According to the American Institute of CPAs' third-quarter results for its 2019 Personal Financial Satisfaction Index, corporate optimism is declining and CPA executives are turning a tad gloomy.
Still, according to the index, financial satisfaction is lingering near an all-time high, although the potential for it to decline may be increasing.
The PFSi, which includes the Personal Financial Pleasure Index and the Personal Financial Pain Index, reflects people's overall financial satisfaction—which, despite a tight job market, has been retreating. This latest installment is the third decline in the past year.

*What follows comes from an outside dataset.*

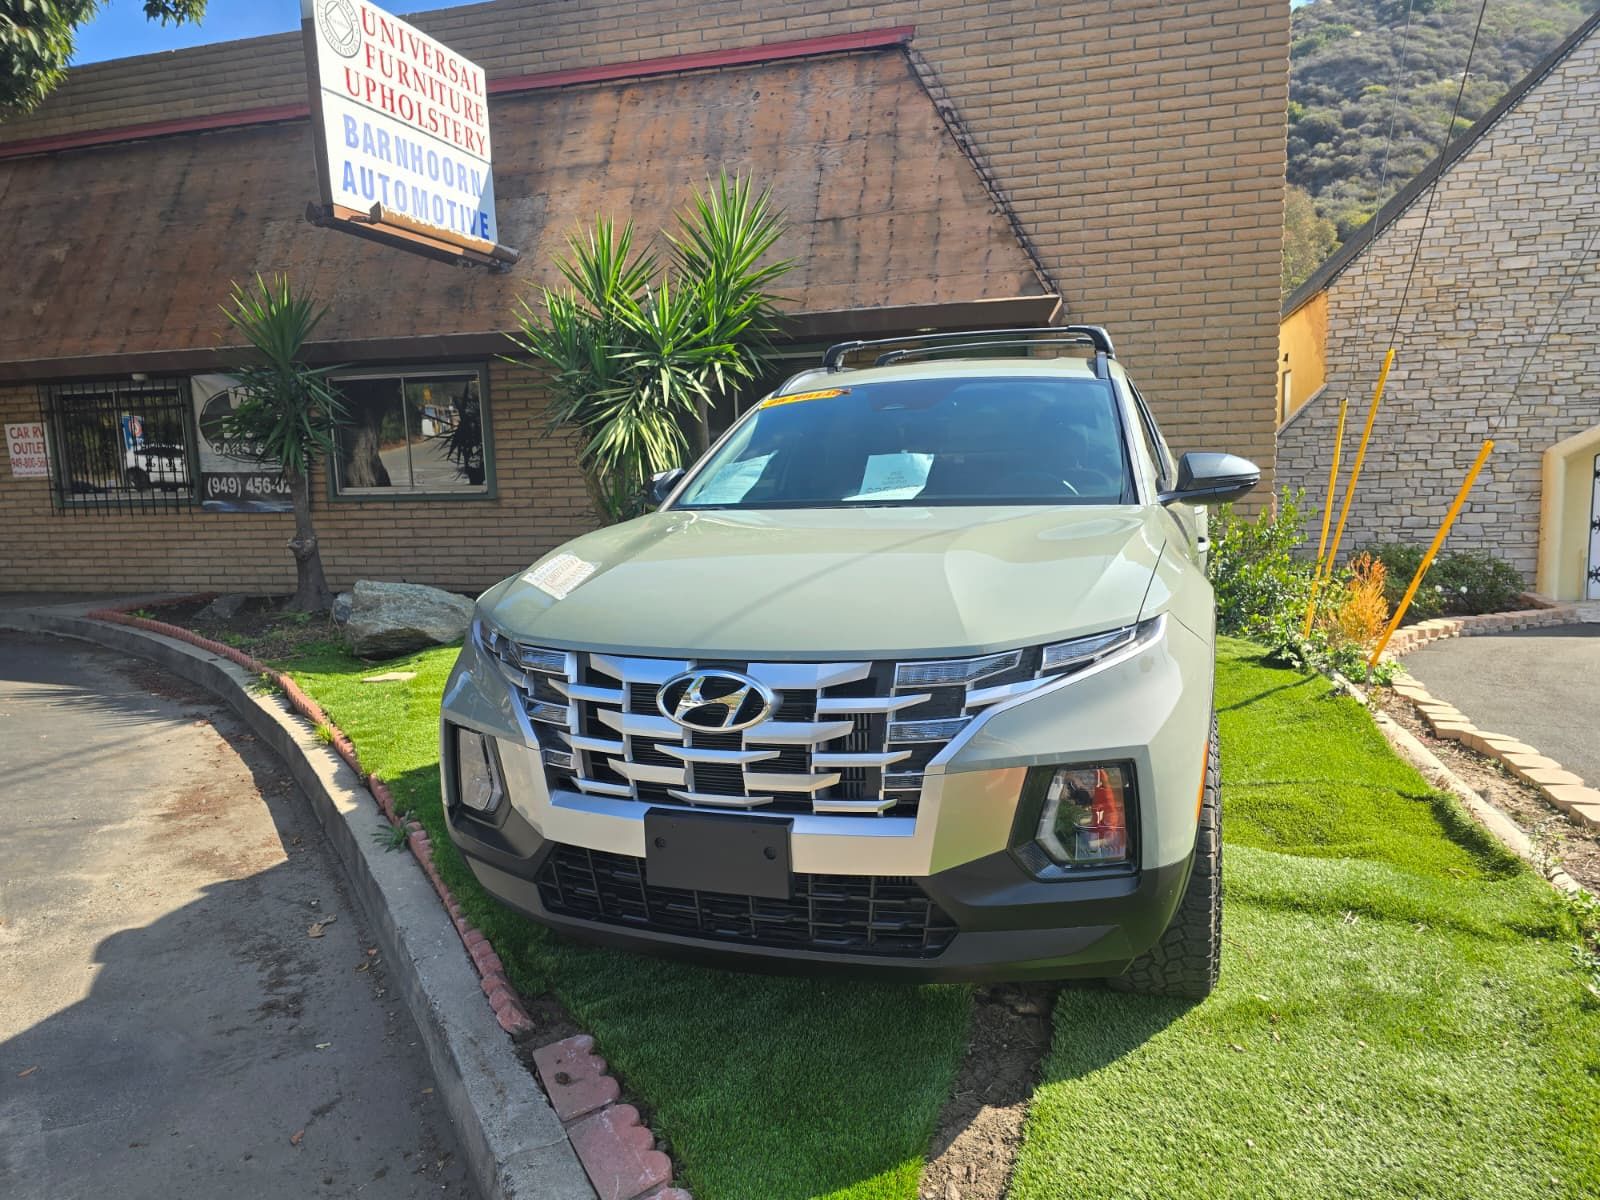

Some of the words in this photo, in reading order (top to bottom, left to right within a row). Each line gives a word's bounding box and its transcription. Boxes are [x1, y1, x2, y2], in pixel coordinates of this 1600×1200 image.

To come up with the final result, the PFSi calculates the personal financial satisfaction of a typical American from a number of economic factors.
Pain factors include inflation, personal taxes, loan delinquencies and underemployment, while pleasure factors include the proprietary PFS 750 Market Index, the AICPA's CPA Outlook Index, Real Home Equity Per Capita and Job Openings Per Capita.
While there has been a drop in the Pain Index thanks to a 3.3 percent drop in pain from personal taxes, the report adds that over the last three years, the personal taxes factor has been the largest contributor to financial pain for 10 of 12 quarters.
And even though the pain from loan delinquencies is down 4.7 percent from Q2, for loans and mortgages overall, and the rate of delinquencies on mortgages (2.59 percent) is well below the peak delinquency rate for mortgages (11.26 percent) recorded in the spring of 2010, the report adds that the rate of mortgage delinquencies "is still above what was typical between 1994 through 2003 (2.12 percent)."
While the Market Index and the Job Openings Per Capita Index were the two biggest contributors to the Pleasure Index, the latter has now declined two quarters in a row—the first time in seven years that it's done so—as well as decreasing quarter-over-quarter, for the third time in three years.
Job openings fell 2.6 percent, or 2.1 points on the index's scale, below the prior quarter.
The AICPA CPA Outlook Index found that CPA executives "have become somewhat more worried about the potential for an economic downturn in the year ahead."
In addition, the Inflation Index is up 4.1 percent from the Q2 level, while the Underemployment Index is up 1.5 percent over Q2.